Politics used to be an all-male arena. Traditionally, men ruled parliament, empire and anything in between. Those
working in the political spectrum were suited, booted, wives muted. Roll on Margaret Thatcher, Condoleezza Rice and the 2010 British election and suddenly it’s not party leaders Gordon Brown and David Cameron gracing the front pages of both our tabloids and broadsheets but their other halves.
The election battle between Labour and Conservatives is, at present, very close in points-depending on which newspaper you read, either could take the lead in the polls ahead of May 6th. Hung parliament or not, in a struggle so close as this, it’s undeniable that even the smallest edge could swing voters. What with party policies often being criticised for ‘much and such the same’, maybe it’s not so surprising that those closest to the party leader’s sides are so closely scrutinised.

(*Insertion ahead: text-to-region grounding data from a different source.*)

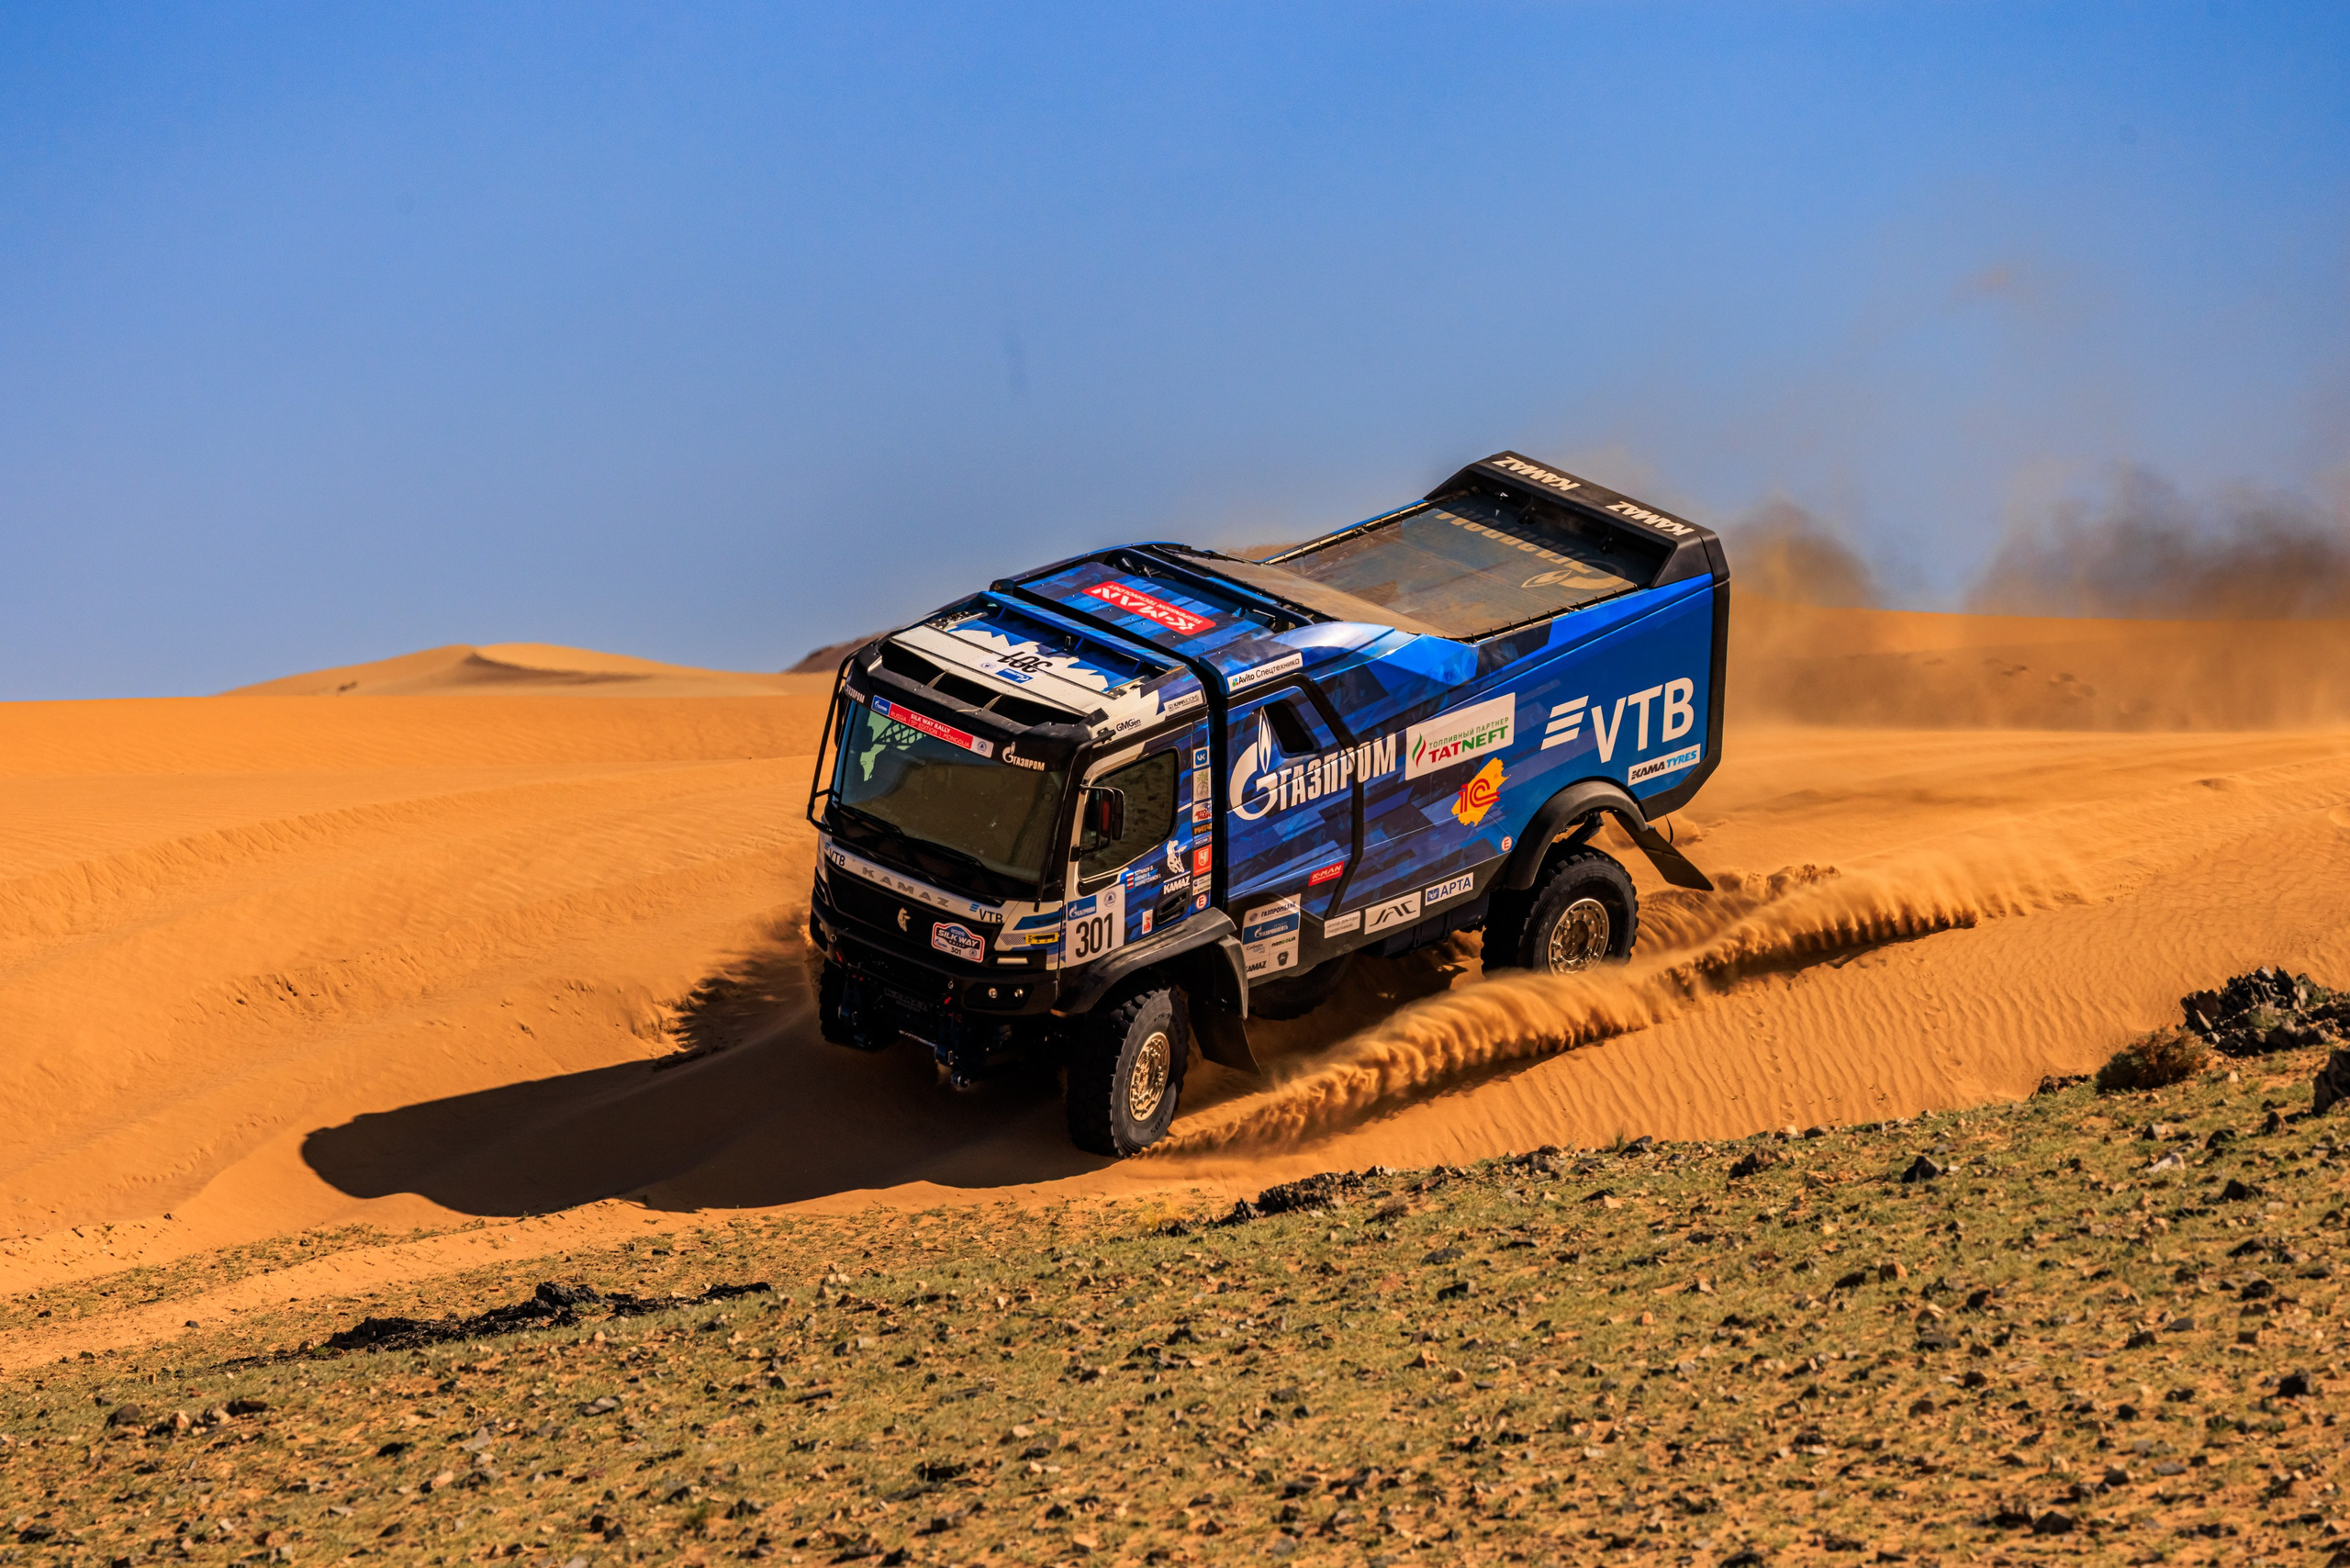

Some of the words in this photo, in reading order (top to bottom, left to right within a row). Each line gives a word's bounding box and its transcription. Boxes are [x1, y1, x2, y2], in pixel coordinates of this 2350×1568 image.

[1492, 456, 1581, 491] KAMAZ
[1605, 500, 1695, 536] KAMAZ
[1106, 585, 1158, 606] TECHNOLOGY
[1156, 604, 1203, 624] SUSPENSION
[997, 651, 1053, 673] 301
[1238, 670, 1255, 685] Avito
[1256, 657, 1300, 678] Спецтехника
[890, 711, 907, 722] RUSSIA
[918, 722, 937, 735] EDITION
[943, 734, 970, 747] MONGOLIA
[911, 713, 922, 722] SILK
[922, 718, 934, 727] WAY
[934, 723, 951, 734] RALLY
[1116, 719, 1141, 732] GMGen
[1591, 677, 1695, 764] VTB
[1428, 727, 1474, 749] ТОПЛИВНЫЙ
[1475, 716, 1509, 734] ПАРТНЕР
[1428, 724, 1508, 763] TATNEFT
[1013, 755, 1045, 771] ГАЗПРОМ
[1197, 753, 1205, 761] VK
[1631, 761, 1665, 780] KAMA
[1666, 749, 1697, 768] TYRES
[1280, 733, 1397, 812] ГАЗПРОМ
[828, 848, 845, 867] VTB
[862, 867, 949, 908] KAMAZ
[1163, 876, 1191, 895] KAMAZ
[979, 909, 1003, 924] VTB
[937, 929, 958, 942] SILK
[958, 935, 979, 947] WAY
[1076, 913, 1113, 958] 301
[950, 946, 962, 955] 301

Alistair Darling? George Osborne? Neither is the Robin to Gordon or David’s Batman. In considering a leader the public want more than that- in a society where we can access minute-by-minute updates on the most mundane of matters, we want something tangible, something real. Something that shows a human edge to the party machine. For most of us politics is a vague and faraway notion, and its leaders are the ones we look to to translate the goings-on of Downing Street to real life.
The pair with the power to swing the vote? Sam Cam and Sar Bro, the first wives who are so documented in the press they’ve earned their own monikers.

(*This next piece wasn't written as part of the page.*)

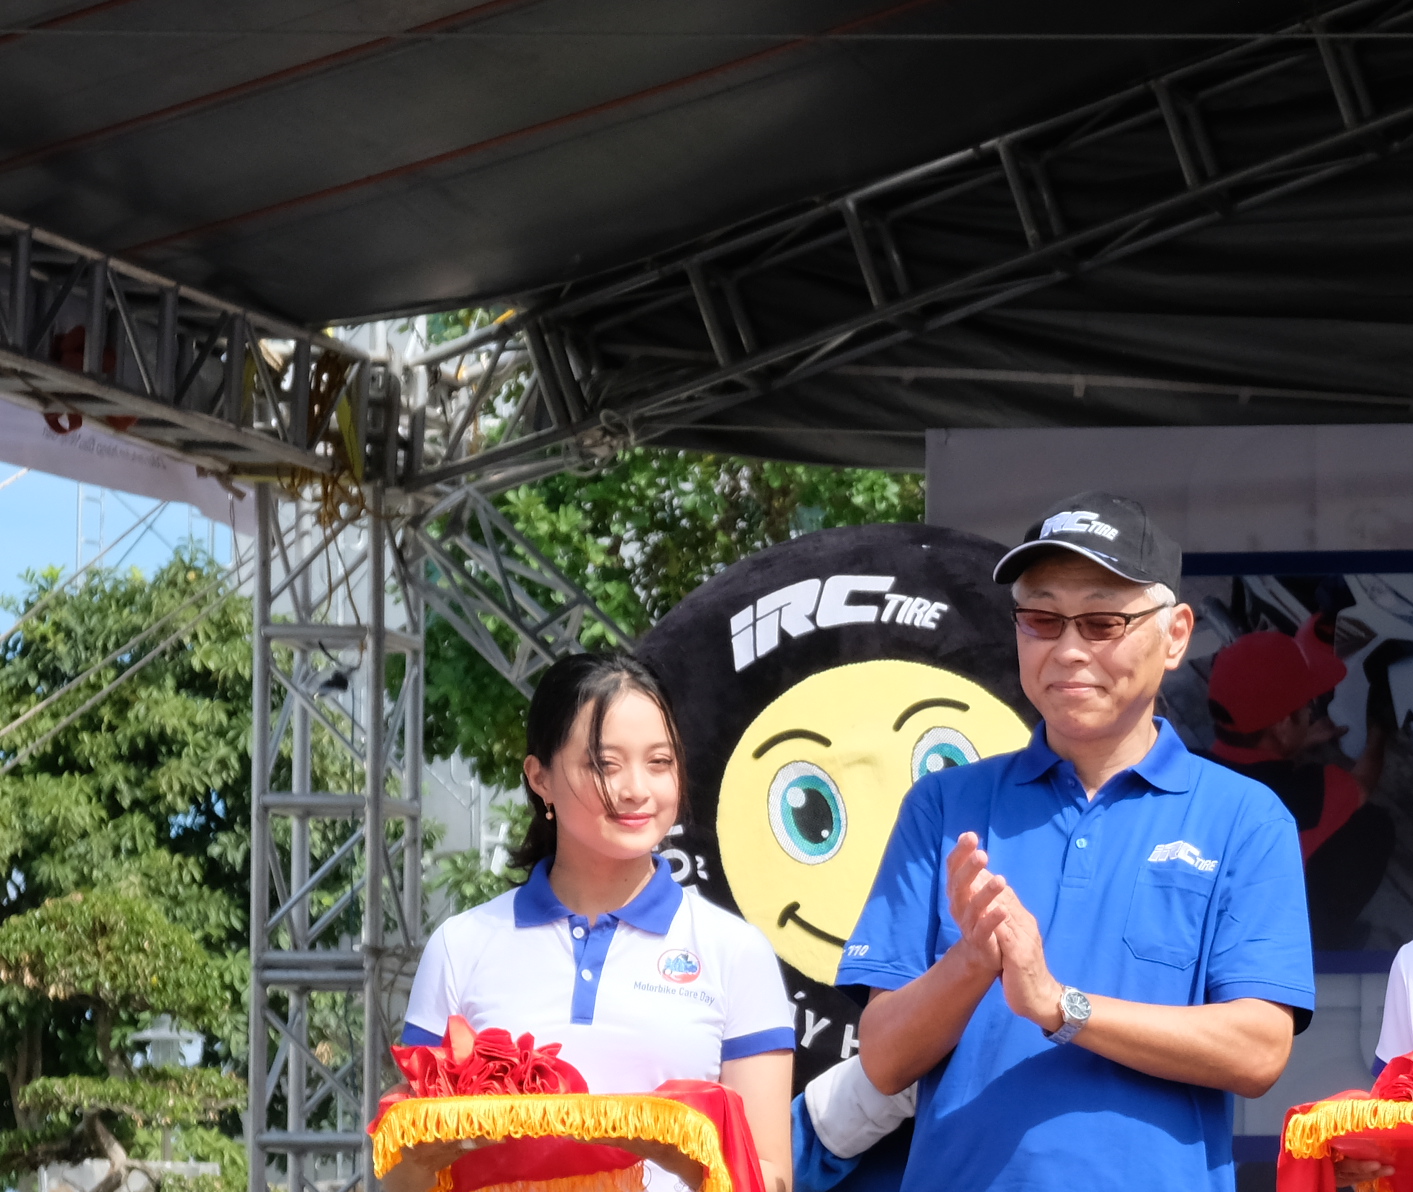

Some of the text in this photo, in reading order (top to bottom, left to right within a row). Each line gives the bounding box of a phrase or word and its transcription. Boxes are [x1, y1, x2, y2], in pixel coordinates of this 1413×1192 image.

[730, 575, 948, 673] IRC TIRE
[1193, 857, 1219, 872] TIRE
[633, 981, 715, 1007] Motorbike Care Day

Yes, it’s petty. Yes, it’s fairly sexist that the running repertoire on the pair seems to centre on their outfits, label of choice and shoes when both are incredibly successful in their own right. Our own female politicians at the top, from Harriet Harman to Theresa May, don’t receive nearly as much attention, despite their senior roles and powerful statuses.
But with a nation increasingly disinterested in voting, perhaps Samantha’s baby bumb and Sarah’s schmoozing with Naomi Campbell to raise money for Haiti is exactly what fuddy-duddy politics needs to catch the public’s attention, reel them in and generate an interest in party politics once more.